[Spatial localization data]

######

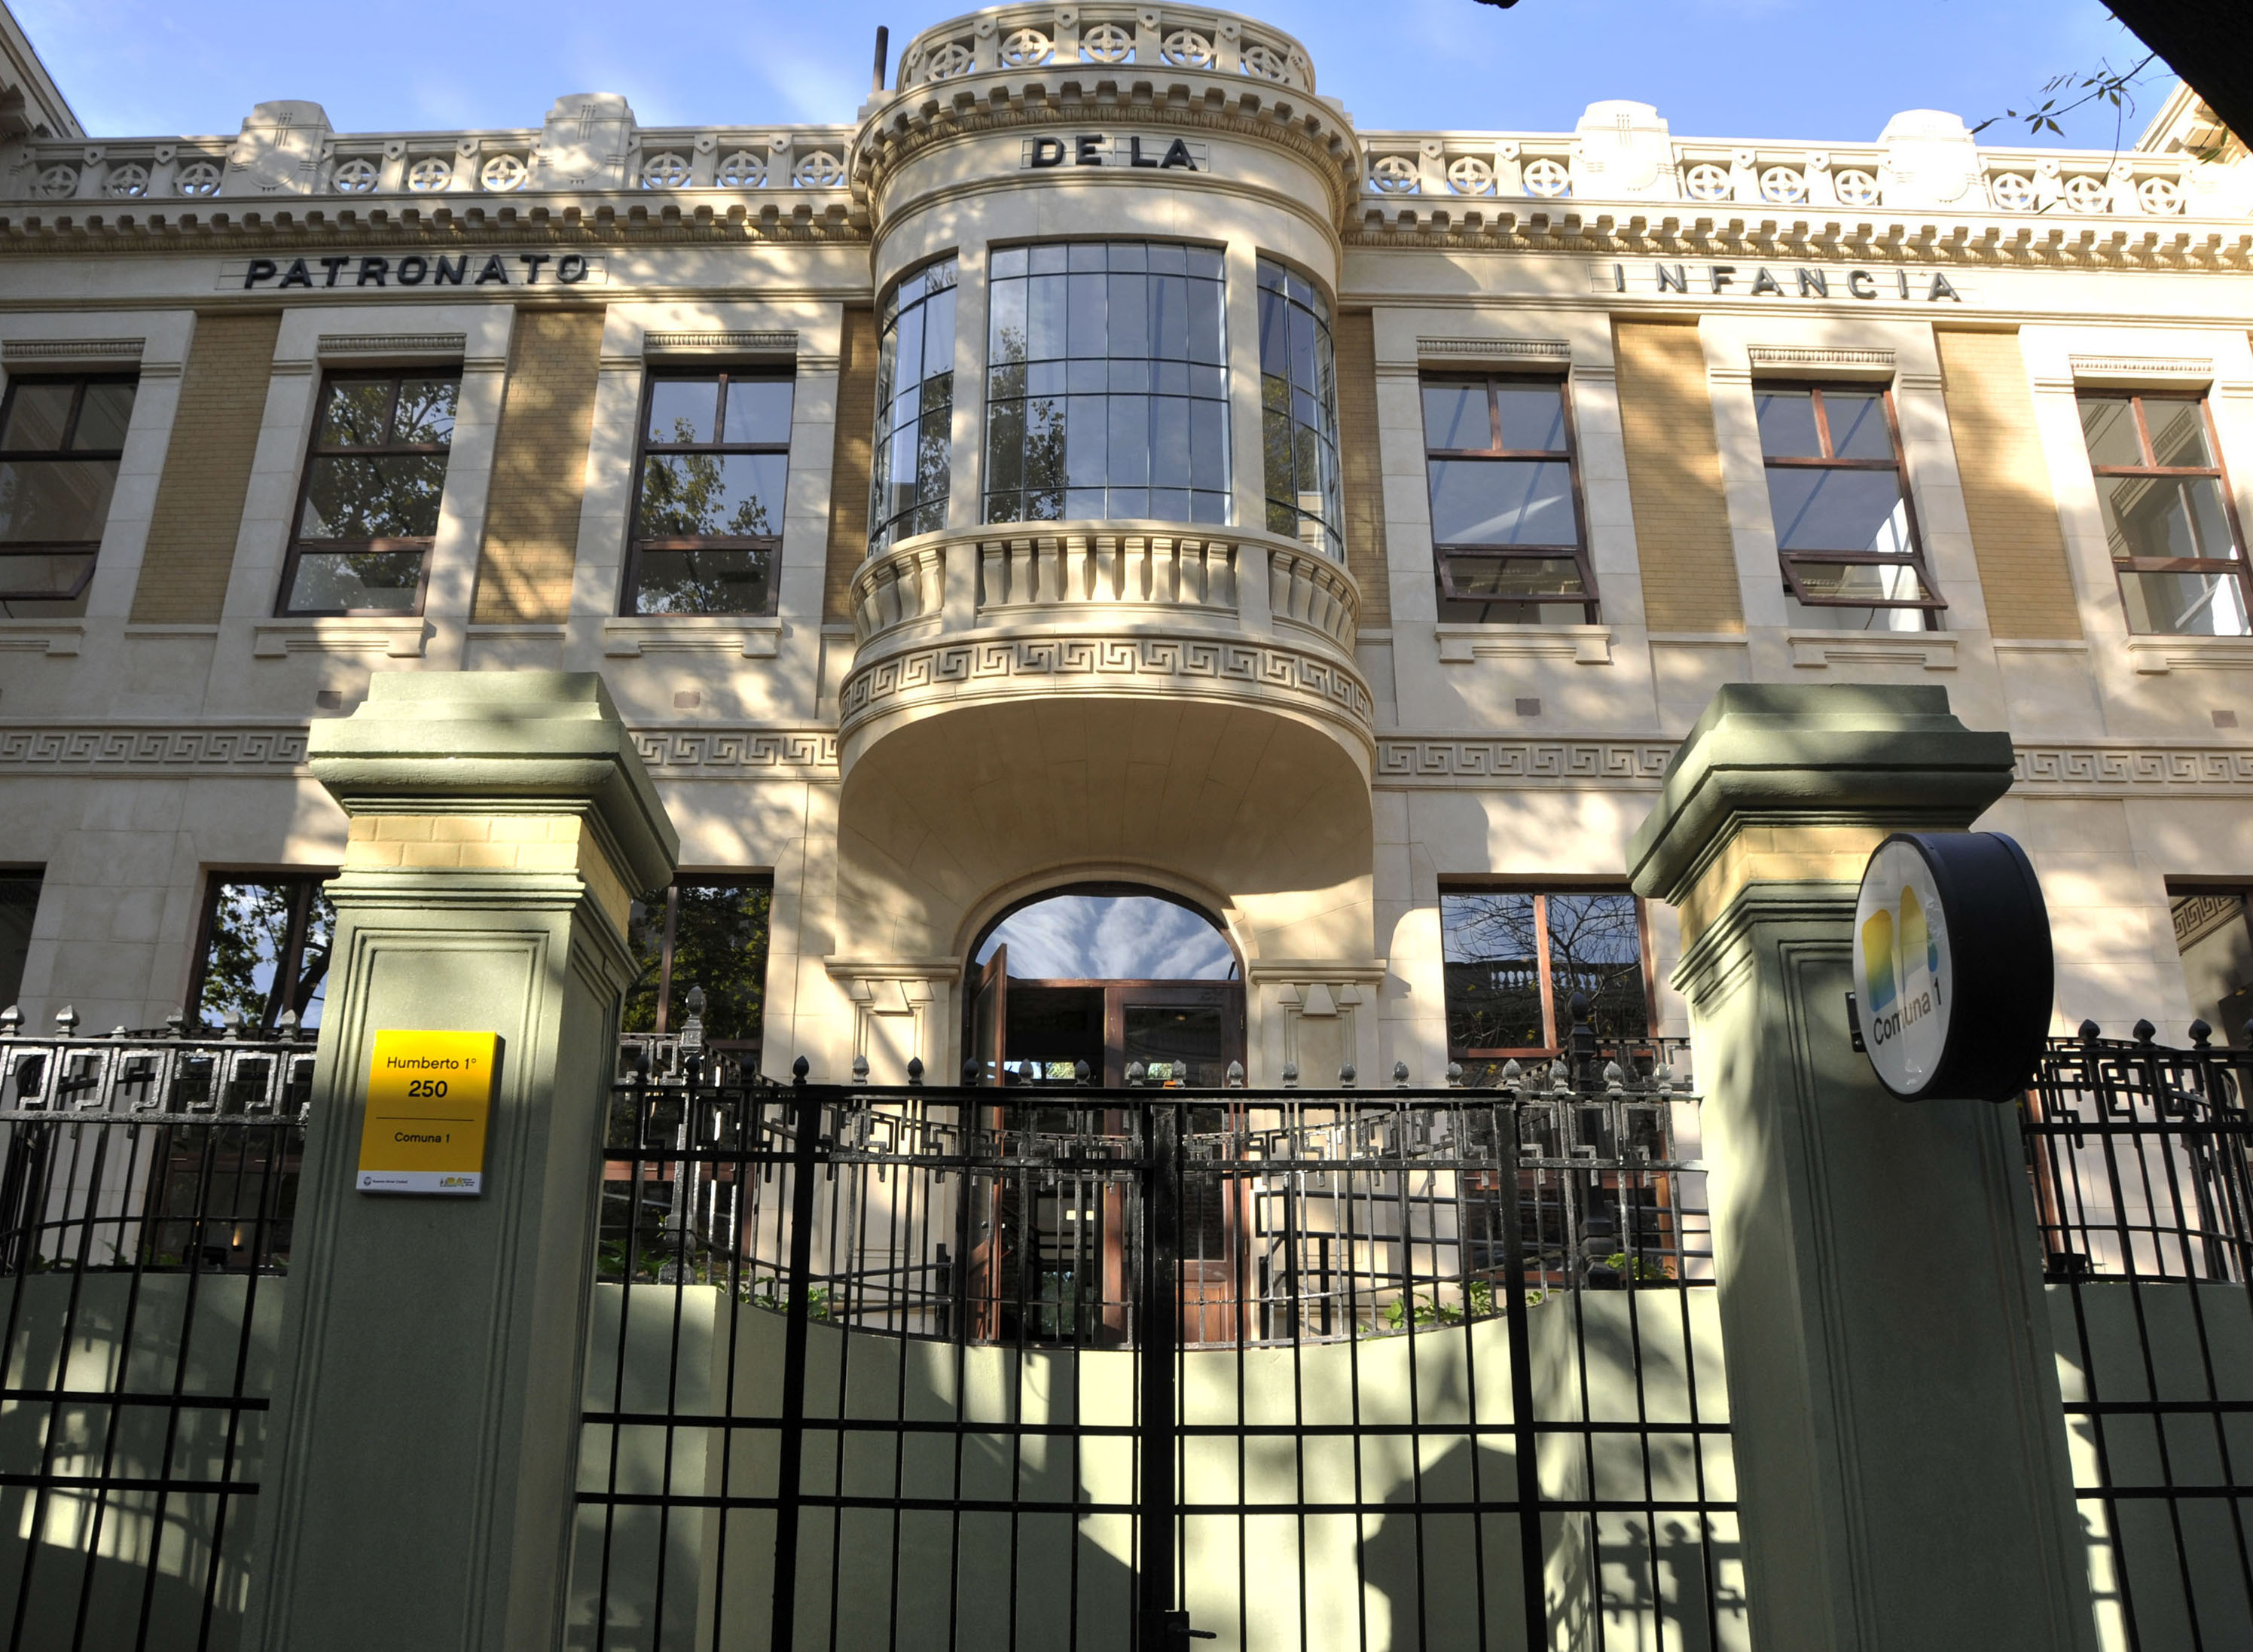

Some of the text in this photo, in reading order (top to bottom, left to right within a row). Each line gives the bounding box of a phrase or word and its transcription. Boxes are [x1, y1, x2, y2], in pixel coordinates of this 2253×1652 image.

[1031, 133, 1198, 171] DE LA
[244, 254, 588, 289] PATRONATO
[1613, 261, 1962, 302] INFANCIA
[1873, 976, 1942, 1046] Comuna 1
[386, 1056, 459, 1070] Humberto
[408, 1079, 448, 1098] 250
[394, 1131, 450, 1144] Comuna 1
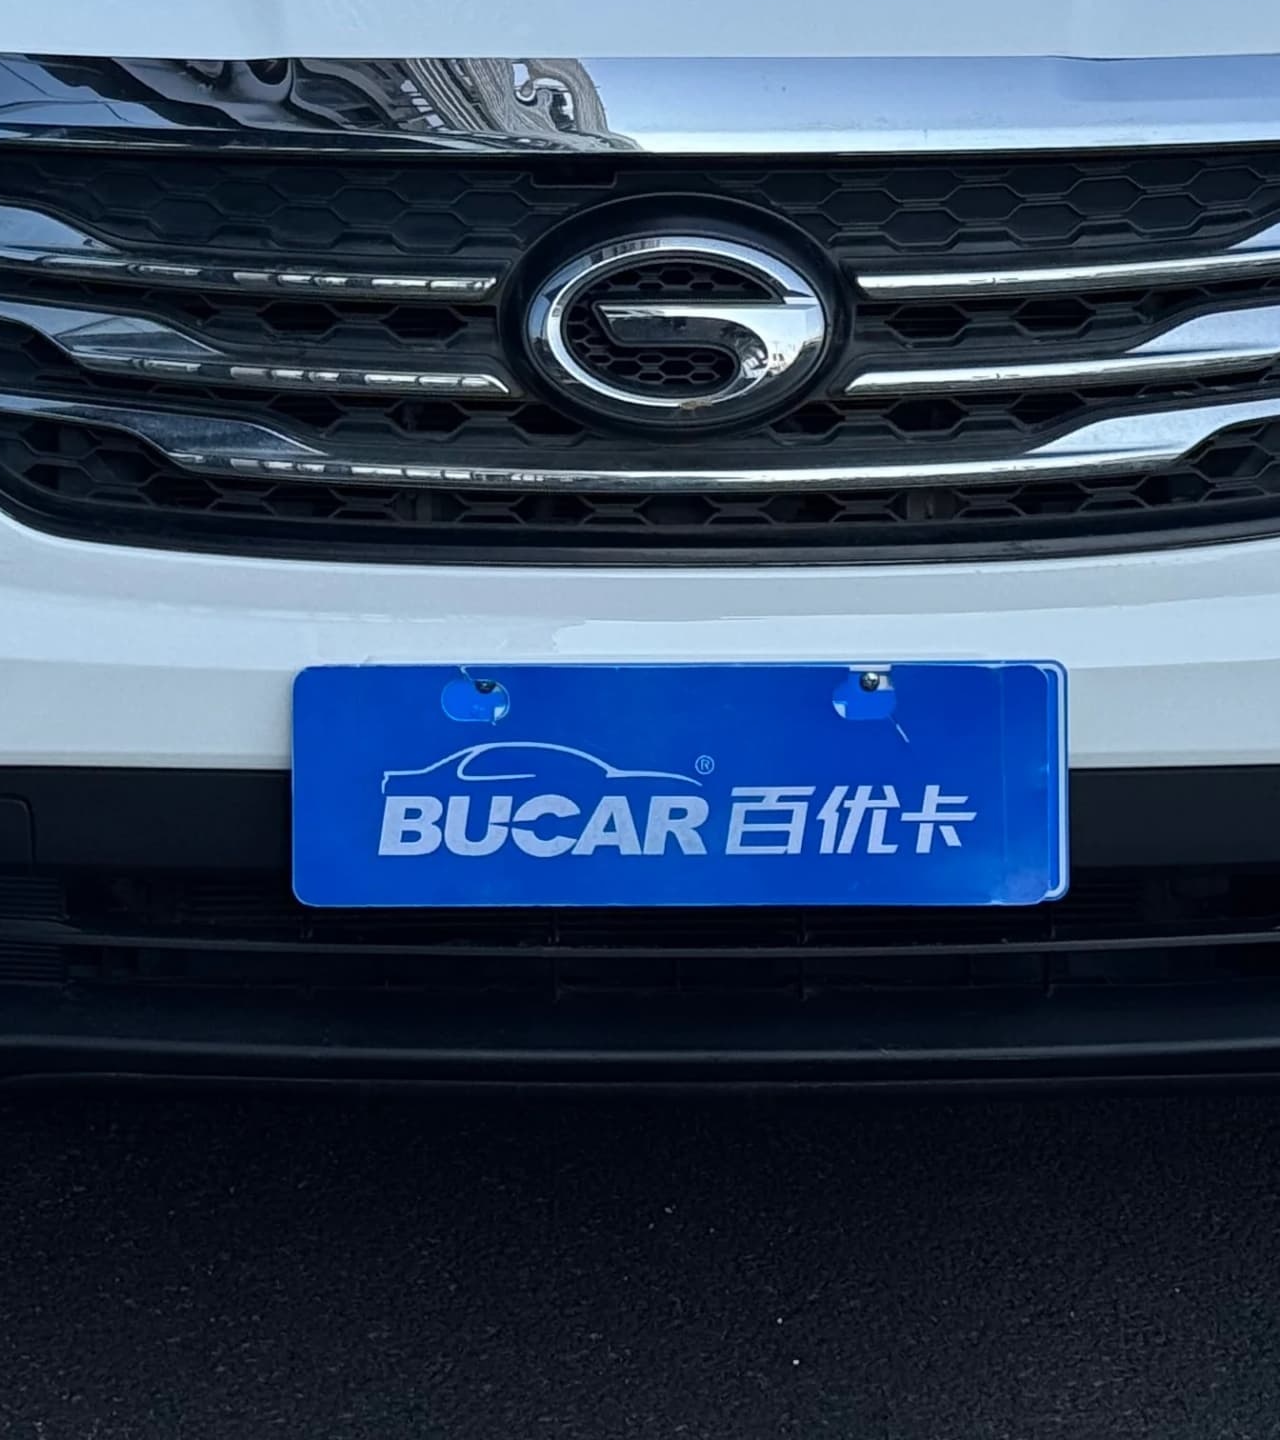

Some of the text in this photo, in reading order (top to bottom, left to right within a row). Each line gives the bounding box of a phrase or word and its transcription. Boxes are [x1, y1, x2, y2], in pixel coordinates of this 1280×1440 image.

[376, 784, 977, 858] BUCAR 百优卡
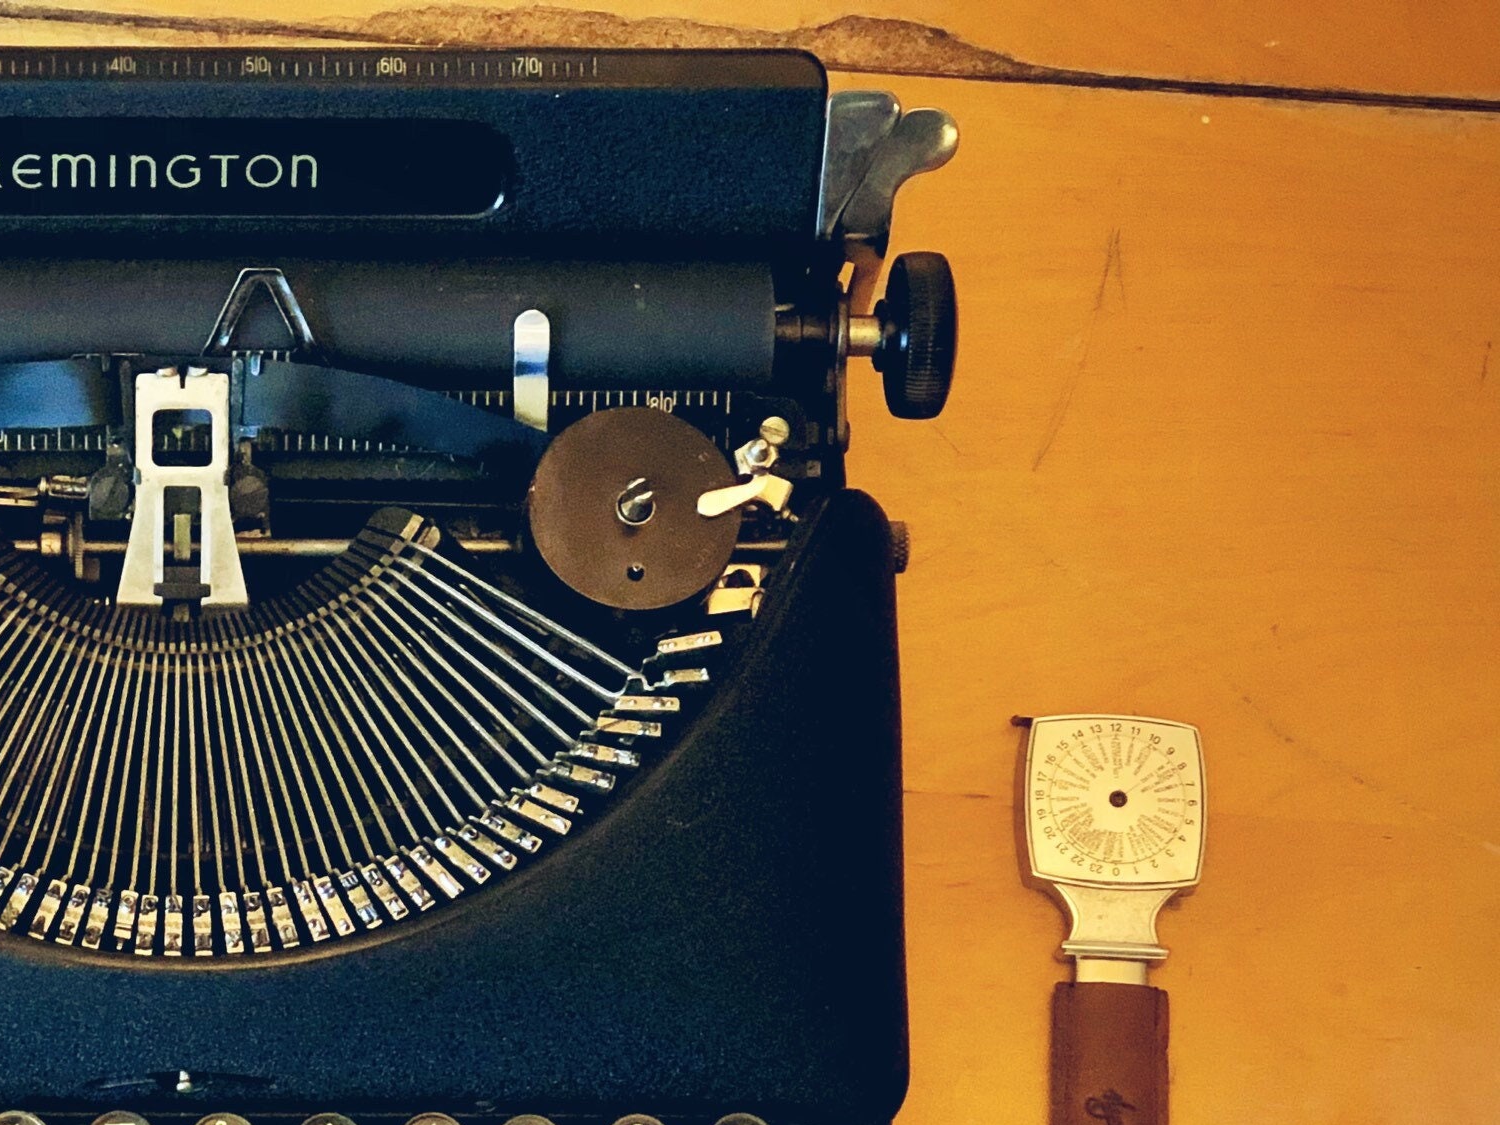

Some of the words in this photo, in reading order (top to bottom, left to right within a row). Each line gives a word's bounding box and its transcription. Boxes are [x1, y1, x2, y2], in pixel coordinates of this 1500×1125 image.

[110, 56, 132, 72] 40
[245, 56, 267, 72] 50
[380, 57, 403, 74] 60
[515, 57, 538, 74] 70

######

Description of the task =
In your copy, exclude the pictures and repeat each entry above exactly.

Task answer =
Some of the text in this photo, in reading order (top to bottom, left to right within a row). Each line gives the bounding box of a phrase or word and its transcription. Boxes are [x1, y1, x2, y2], in pixel coordinates of this 2253×1652 image.

[1031, 133, 1198, 171] DE LA
[244, 254, 588, 289] PATRONATO
[1613, 261, 1962, 302] INFANCIA
[1873, 976, 1942, 1046] Comuna 1
[386, 1056, 459, 1070] Humberto
[408, 1079, 448, 1098] 250
[394, 1131, 450, 1144] Comuna 1

Some of the text in this photo, in reading order (top to bottom, left to right within a row). Each line gives the bounding box of a phrase or word and its transcription. Boxes are [x1, y1, x2, y2], in pixel coordinates of this 1280×1440 image.

[376, 784, 977, 858] BUCAR 百优卡

Some of the words in this photo, in reading order (top to bottom, left to right within a row). Each line gives a word's bounding box and its transcription. Boxes are [x1, y1, x2, y2], in pixel coordinates of this 1500×1125 image.

[110, 56, 132, 72] 40
[245, 56, 267, 72] 50
[380, 57, 403, 74] 60
[515, 57, 538, 74] 70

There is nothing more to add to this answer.